--- Data records Enclosed Below ---
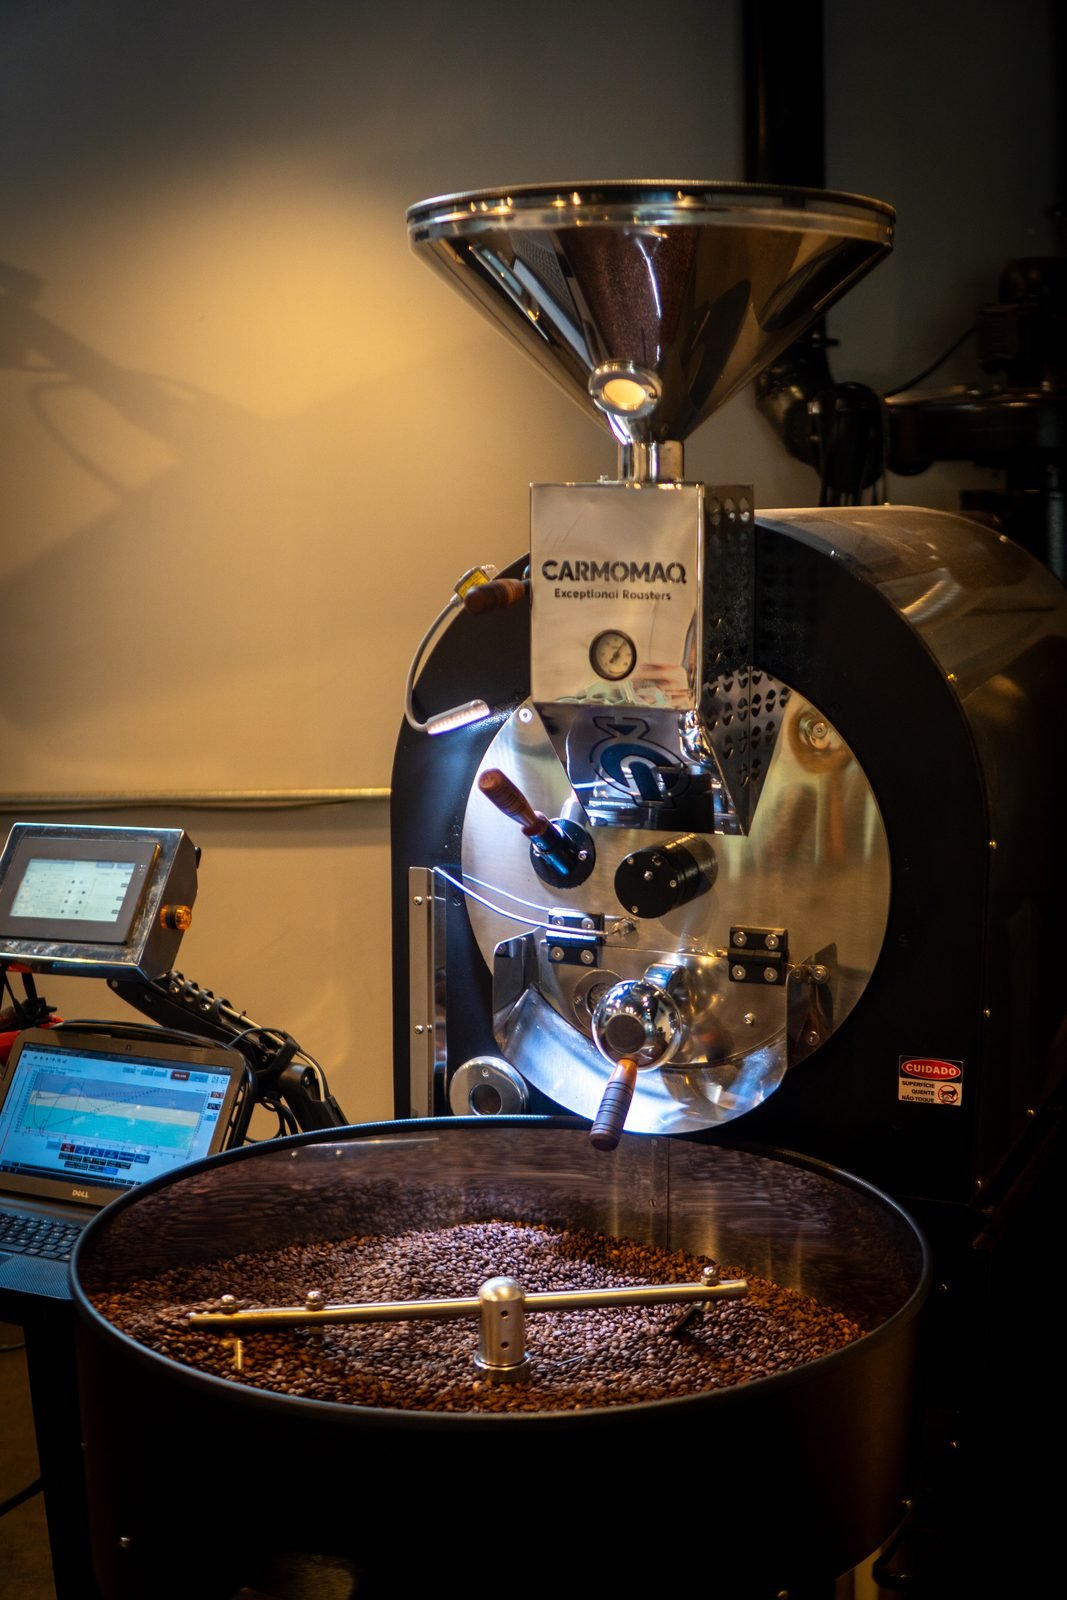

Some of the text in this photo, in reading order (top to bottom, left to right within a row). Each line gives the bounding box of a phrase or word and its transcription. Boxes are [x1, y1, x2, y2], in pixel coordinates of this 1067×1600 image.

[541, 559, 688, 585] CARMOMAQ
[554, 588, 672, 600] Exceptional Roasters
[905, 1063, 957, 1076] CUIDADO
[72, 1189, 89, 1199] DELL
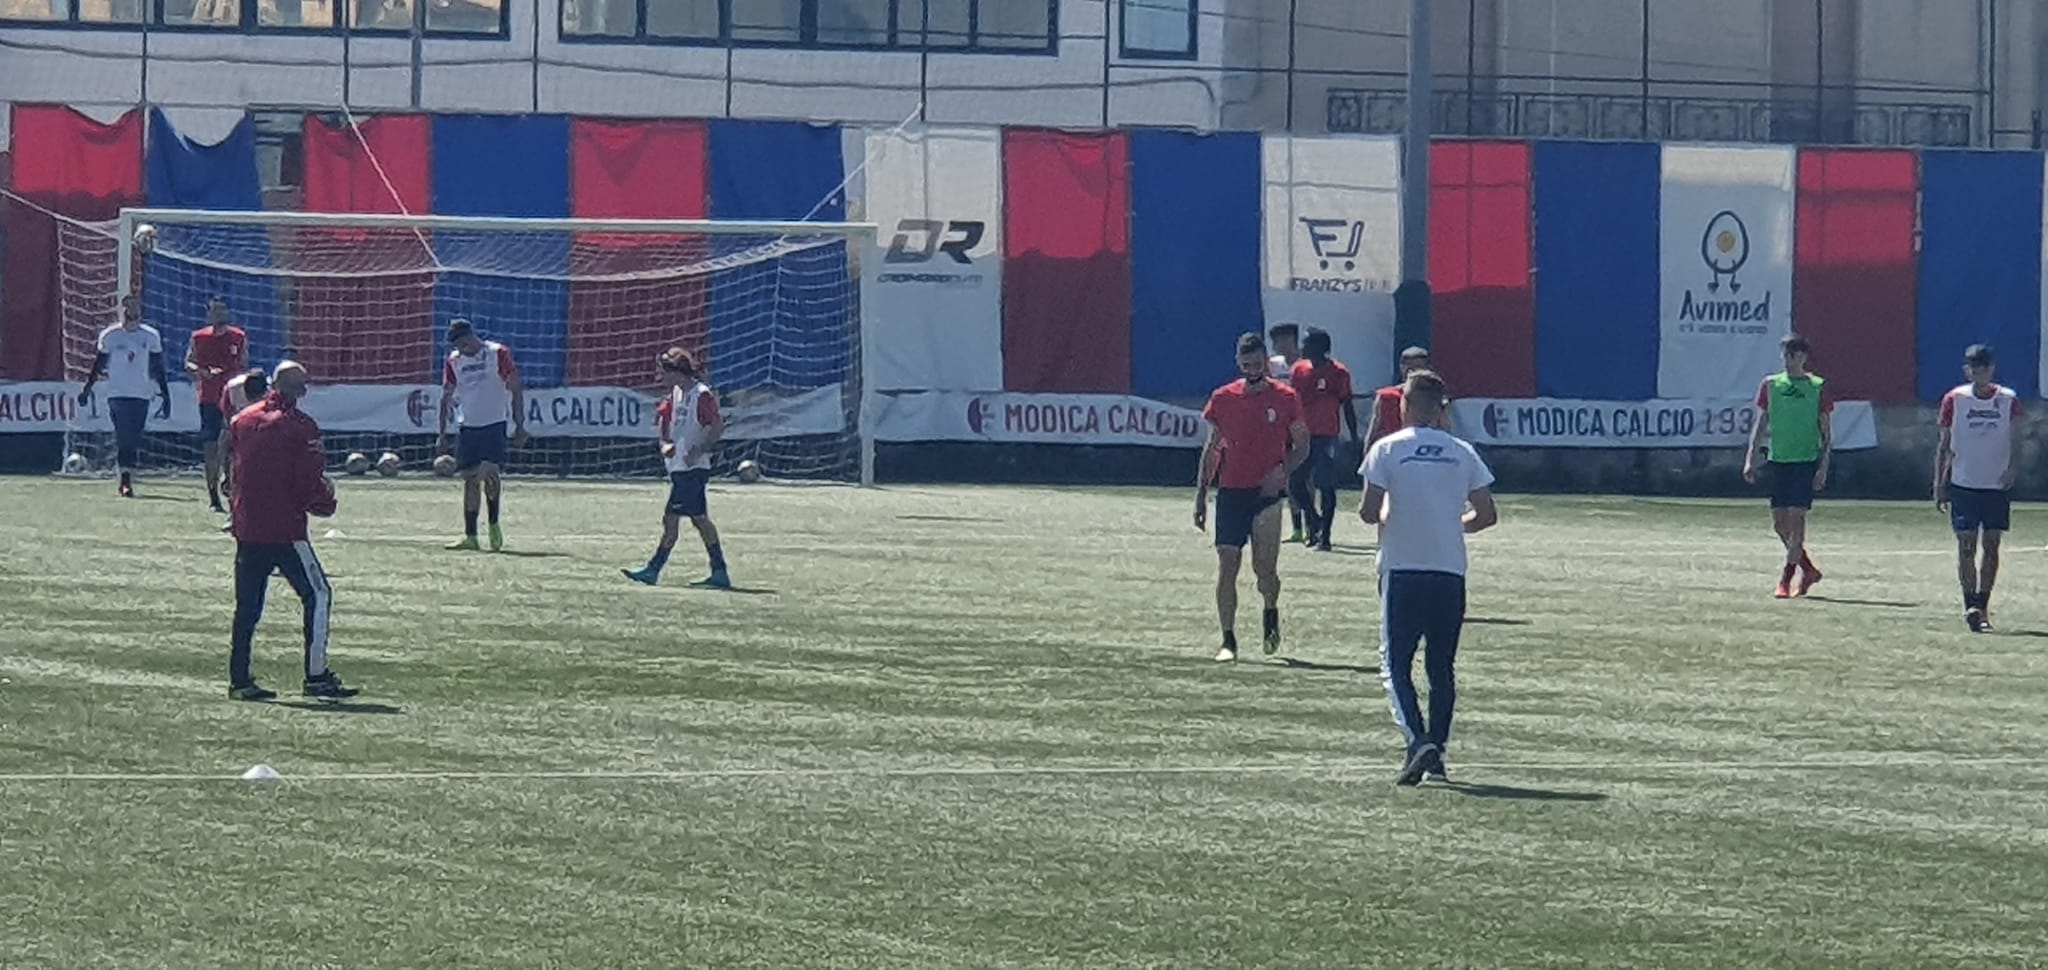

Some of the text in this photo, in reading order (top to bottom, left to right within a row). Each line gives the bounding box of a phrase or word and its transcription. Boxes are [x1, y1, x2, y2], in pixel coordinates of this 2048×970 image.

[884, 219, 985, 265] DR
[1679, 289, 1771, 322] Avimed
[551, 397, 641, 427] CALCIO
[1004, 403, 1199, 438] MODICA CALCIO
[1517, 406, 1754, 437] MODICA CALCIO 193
--- End of Enclosed Data records ---
▶ What the exercise asks: This task asks for the data above repeated exactly, without a single picture.

▶ Solved problem:
Some of the text in this photo, in reading order (top to bottom, left to right within a row). Each line gives the bounding box of a phrase or word and its transcription. Boxes are [x1, y1, x2, y2], in pixel coordinates of this 1067×1600 image.

[541, 559, 688, 585] CARMOMAQ
[554, 588, 672, 600] Exceptional Roasters
[905, 1063, 957, 1076] CUIDADO
[72, 1189, 89, 1199] DELL

Some of the text in this photo, in reading order (top to bottom, left to right within a row). Each line gives the bounding box of a phrase or word and its transcription. Boxes are [x1, y1, x2, y2], in pixel coordinates of this 2048×970 image.

[884, 219, 985, 265] DR
[1679, 289, 1771, 322] Avimed
[551, 397, 641, 427] CALCIO
[1004, 403, 1199, 438] MODICA CALCIO
[1517, 406, 1754, 437] MODICA CALCIO 193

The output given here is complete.